‘In questo momento stiamo abbandonando l’Europa e pianifichiamo un vertice biennale del Commonwealth. Costruiremo una Gran Bretagna veramente mondiale’. Lo ha detto la premier britannica Theresa May svelando il piano del governo sulla Brexit. ‘Non vogliamo che l’Unione europea si smembri, ma da parte dell’Ue e’ mancata la flessibilita’ nei confronti di Londra e i britannici se ne sono accorti’, ha aggiunto, definendo la Brexit, ‘una lezione anche per l’Ue se vuole avere successo’.

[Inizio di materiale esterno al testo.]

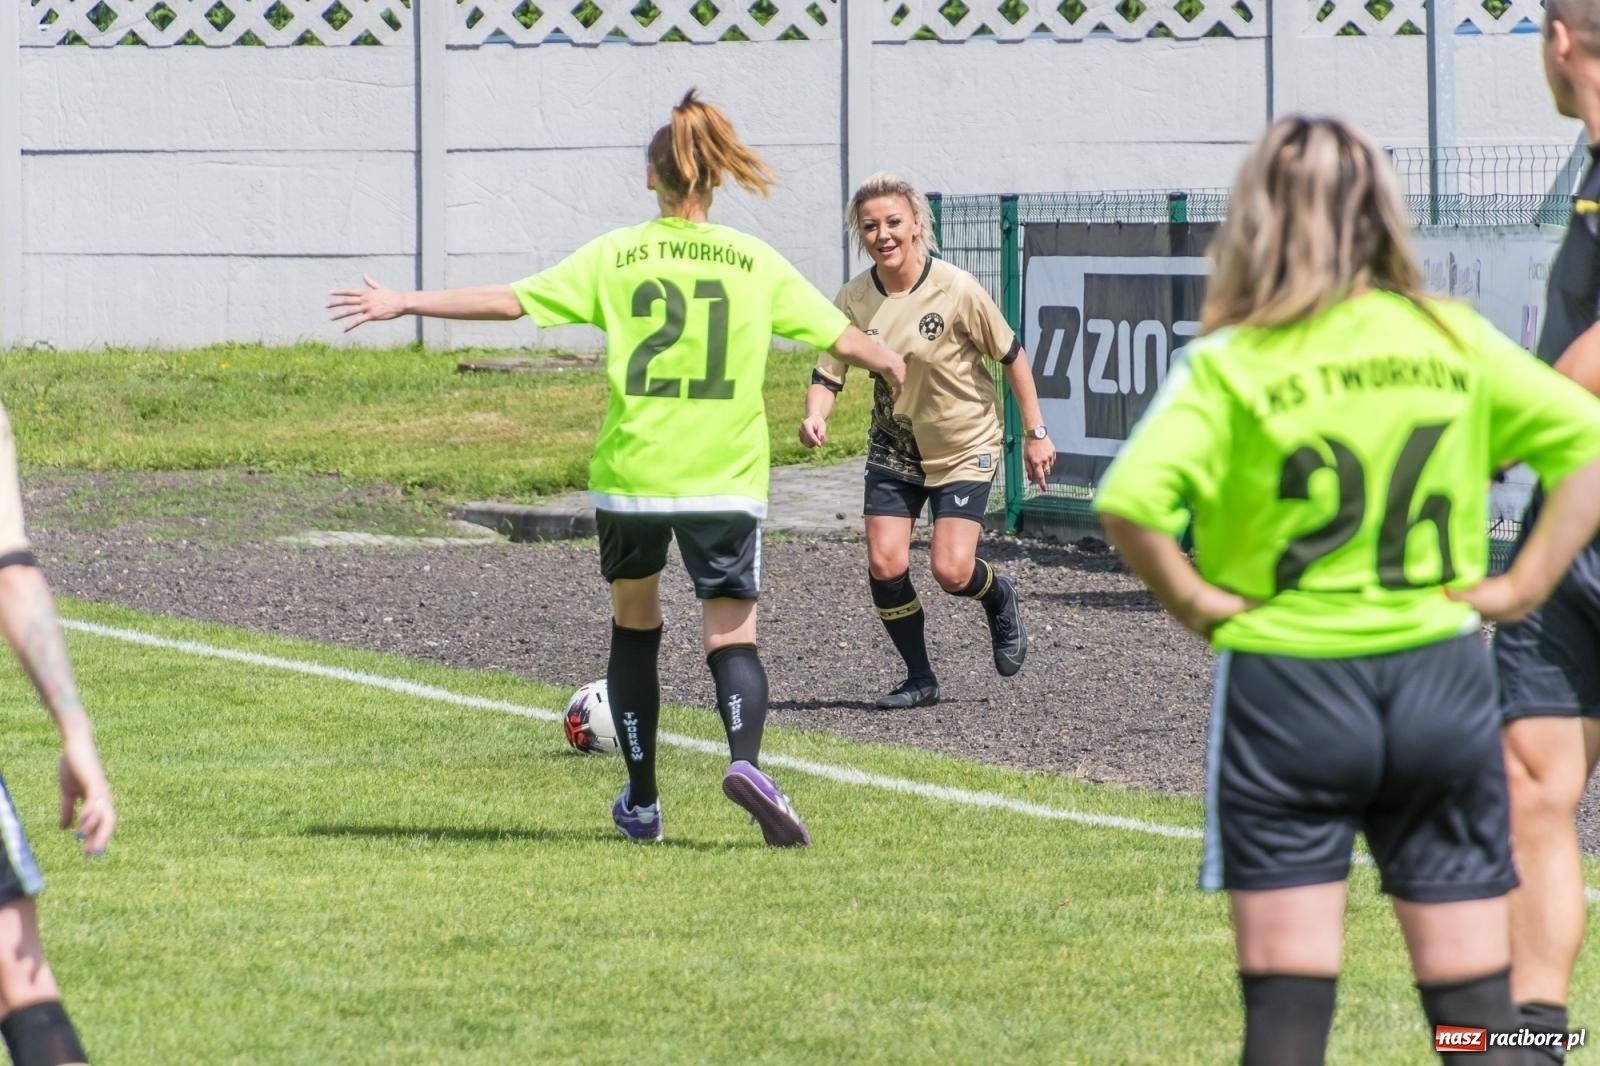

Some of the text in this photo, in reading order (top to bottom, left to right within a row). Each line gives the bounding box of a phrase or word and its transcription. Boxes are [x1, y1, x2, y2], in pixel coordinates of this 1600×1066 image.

La volontà degli elettori britannici sulla Brexit è stata chiara e ora “non bisogna ribaltare il risultato, ma lavorare per farlo diventare un successo”. E’ uno dei passaggi finali del discorso con il quale Theresa MAY ha tracciato il suo piano per l’uscita dall’Unione europea. “Il Paese sta tornando unito”, ha detto la premier britannica. “Ora dobbiamo mettere fine alle divisioni e al linguaggio che le accompagna”, ha detto, invitando i britannici a mettere da parte termini come “leaver” e “remaine” e “unirci per far diventare la Brexit un successo e costruire una Gran Bretagna veramente globale”.
“Non vogliamo che l’Unione europea si smembri ma da parte dell’Ue e’ mancata la flessibilita’ nei confronti di Londra e i britannici se ne sono accorti”, ha detto la premier britannica Theresa May svelando il piano del governo sulla Brexit, definendola “una lezione anche per l’Ue se vuole avere successo”.
Theresa May conferma che il Regno Unito uscirà dal mercato unico europeo. Londra vuole un accordo commerciale “coraggioso e ambizioso” con la Ue, che però non si tradurrà nella adesione Al mercato unico, ha detto la premier britannica, perché questo significherebbe continuare ad accettare la giurisdizione della Corte di Giustizia europea che “significherebbe non uscire affatto dalla Ue”. Un’ipotesi considerata inaccettabile, ha proseguito la May: “Non vogliamo essere membri del mercato unico, ma vogliamo il più ampio accesso possibile ad esso”, ha detto. A tal fine, il Regno Unito potrebbe continuare a versare un “contributo appropriato” alla Ue, ha anticipato la May, sottolineando però che con l’uscita dall’Unione cesserà presto “il versamento di vaste somme di denaro alla Ue”.
Il Regno Unito non vuole perseguire una “adesione parziale” all’Unione Europa, né forme di “associazione” o “nulla che ci lasci mezzo dentro e mezzo fuori”. E’ uno dei passaggi più rilevanti, ampiamente anticipato dai media britannici, del discorso con il quale la premier Theresa May sta delineando i suoi piani per la Brexit. “Non vogliamo adottare un modello già sperimentato da altri Paesi. Non vogliamo aggrapparci a pezzetti di adesione mentre usciamo” dalla Ue, ha detto la premier. ” Il Regno Unito sta uscendo dall’Unione Europea. Il mio compito è ottenere un accordo corretto per la Gran Bretagna”, ha sottolineato May, indicando che Londra intende percorrere la strada della cosiddetta “hard” Brexit.
“Posso confermare che il governo presenterà l’accordo finale a entrambe le camere del Parlamento per il voto prima dell’entrata in vigore”, ha dichiarato May. Secondo May molti Paesi membri Ue vogliono che venga raggiunto un accordo a breve, altri meno, e il governo britannico spingerà per ottenere un’intesa al più presto, ha aggiunto la premier. May ha annunciato oggi che la Gran Bretagna deve riprendere il controllo delle sue leggi e questo la farà diventare più forte. Per i negoziati saranno seguiti 12 principi, de facto un piano in altrettanti punti.
Theresa May esclude per il futuro anche la piena unione doganale con la Ue che, sostiene, impedirebbe al Regno Unito di siglare accordi commerciali con altri Paesi. Tuttavia, la premier ha auspicato un accordo doganale con l’Unione o una parziale adesione ad essa, i cui dettagli possono essere decisi in futuro.
Saranno benvenuti gli accordi” con l’Unione europea “per continuare a collaborare con i nostri partner europei sulle principali iniziative nei settori della scienza, della ricerca e della tecnologia”. “Continueremo a lavorare in stretto contatto con i nostri alleati europei nei campi della politica estera e di difesa anche se lasciamo l’Unione europea in se’ stessa”, aggiunge la premier britannica Theresa May. Il Regno Unito continuerà a condividere materiali di intelligence con i partner europei una volta che sarà uscito dall’Unione, al fine di combattere il crimine e il terrorismo. May ha poi ribadito che Londra continuerà a cooperare con l’Ue sulla politica estera.